La méditation, pour les vétérinaires aussi ?

La méditation de pleine conscience ne s’adresse pas à des personnes contemplatives, mais à des gens dans l’action, dans une vie engagée.

 » Je ne crois pas que nous puissions corriger quoi que ce soit dans le monde extérieur que nous n’ayons d’abord corrigé en nous » Etty Hillesum

Elle a toute sa place dans le management vétérinaire, profession d’échanges humains, très sollicitée dans sa pratique quotidienne, et où des décisions vitales sont à prendre toute la journée. Un vrai questionnement est nécessaire sur la manière dont nous avons organisé notre « vivre ensemble », et sur notre manière de ressentir notre métier.

La relation à soi, la gestion des émotions, la qualité de la relation, le respect de l’autre et la prise de décision sont au coeur de notre activité de médecine vétérinaire. La prévenance, la disponibilité et l’ouverture dans la communication sont essentielles au succès de notre entreprise. 

Même si la pleine conscience semble dans l’air du temps, elle reste un concept nouveau dans le monde du travail. Et l’idée de prendre un moment dans une journée de travail chargée pour s’asseoir en silence semble irrationnelle.

La pleine conscience est une manière de manifester sa bienveillance, son écoute et sa présence. La meilleure manière de montrer votre intérêt pour ces qualités est de les incarner.

La pleine conscience nous donne cette seconde d’avance, cet espace de liberté pour choisir comment orienter notre énergie mentale, choisir notre réaction face aux évènements, sortir des automatismes, et pouvoir être complètement attentif à la personne présente et à la tâche en cours.

Oui, mais la méditation c’est quoi ? Encore une lubie, une injonction à être heureux ?

C’est une pratique de conscience nue, consistant à porter son attention sans jugement sur l’instant présent. L’idée est de trouver un endroit de stabilité et de se poser au milieu de cette complexité.

La pratique spirituelle existe depuis plusieurs millénaires, et a commencé  à être intégrée dans le champ du développement personnel dans les années 60. Les scientifiques ont commencé à l’explorer dans les années 90 à l’aide, notamment, de la neuro-imagerie avec Richard Davidson et Matthieu Ricard. Le nombre de publications augmente chaque année, avec jusqu’à 350 publications en 2015.

Cet engouement correspond aussi à la montée de la digitalisation de nos vies, avec une invasion dans notre quotidien des écrans et des images. La méditation apparait alors comme une « médecine » du monde moderne face aux pressions qu’il nous fait subir. Nous recevons en moyenne 100 e-mails par jour, nous sommes sans arrêts distraits par des notifications.

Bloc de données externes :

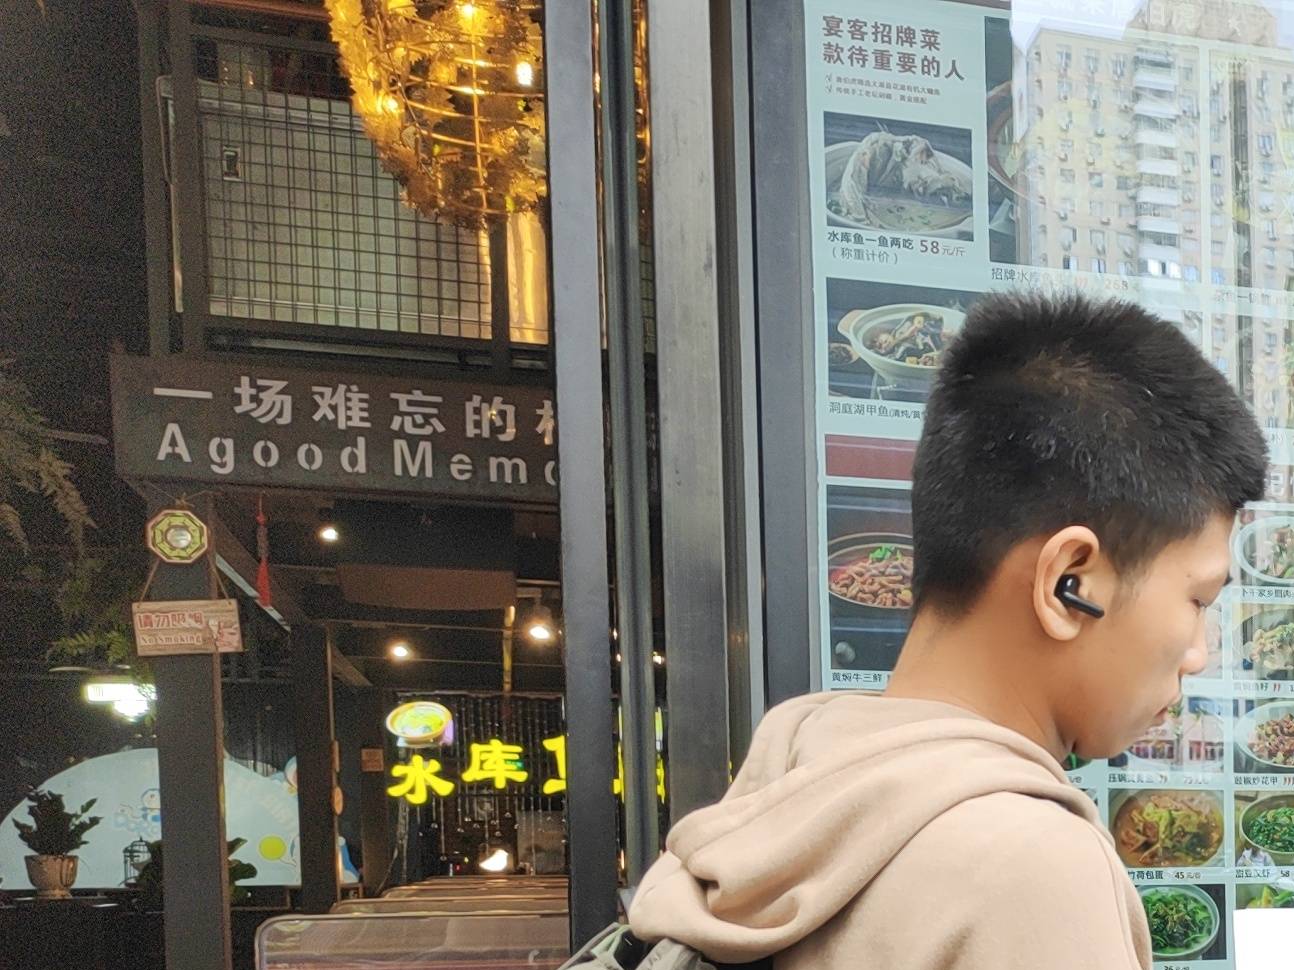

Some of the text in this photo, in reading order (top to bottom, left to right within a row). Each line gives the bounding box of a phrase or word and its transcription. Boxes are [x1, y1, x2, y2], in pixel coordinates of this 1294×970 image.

[823, 16, 941, 51] 宴客招牌菜
[823, 41, 965, 81] 款待重要的人
[828, 231, 914, 250] 水库鱼一鱼两吃

Elle apparait comme un besoin de calme, de non exposition, comme une compensation de la trame de notre vie moderne et de son hyper-solicitation. Elle est en quelque sorte à notre cerveau ce que le sport est à notre corps.

La méditation est une présence au monde, en cessant de vouloir contrôler et maitriser. 

L’influence de nos propres conditionnements est tellement forte que nous pensons rarement que nous pouvons prendre du recul. Si nous pouvions prendre assez de recul sur les situations, nous verrions que chacun cherche, à sa façon, à trouver le bonheur. Et notre seule réaction au comportement d’autrui serait la compassion.

Notre esprit est la source de ce que nous vivons. Chaque personne ayant vécu une situation la racontera différemment. Lorsque l’on transforme son esprit, tout ce que l’on perçoit ou ressent est transformé en même temps. Que se passe-t-il quand vous commencez à comprendre que ce que vous vivez est le résultat de vos propres projections ?

Il y a de nombreuses idées reçues sur ce qu’est la méditation. 

  • « Faire le vide », faire le silence dans sa tête et faire taire le bavardage intérieur. Alors que quand on commence à méditer, on se rend compte du bavardage intérieur permanent, du tumulte de nos pensées et de l’instabilité de celles-ci. Faire taire nos pensées serait similaire à s’arrêter de respirer. On ne peut pas davantage arrêter ses pensées que les vagues d’un océan. C’est impossible. Par contre, on peut prendre du recul sur nos pensées, les regarder sans jugement, les laisser passer sans s’y accrocher.
  • « Se couper du monde », s’isoler, se construire une bulle dans laquelle on serait protégé du monde. Alors que le but de la méditation en occident est de nous aider à mieux vivre dans le monde, et non pas à se couper du monde. Au lieu de se couper de la vie, il s’agit d’apprendre à être en contact avec elle, à être présent différemment.
  • « Être zen et décontracté ». L’important n’est pas de s’empêcher de réagir au quotidien, mais d’éviter les dérapages. On réagit alors moins impulsivement, on rumine moins longtemps.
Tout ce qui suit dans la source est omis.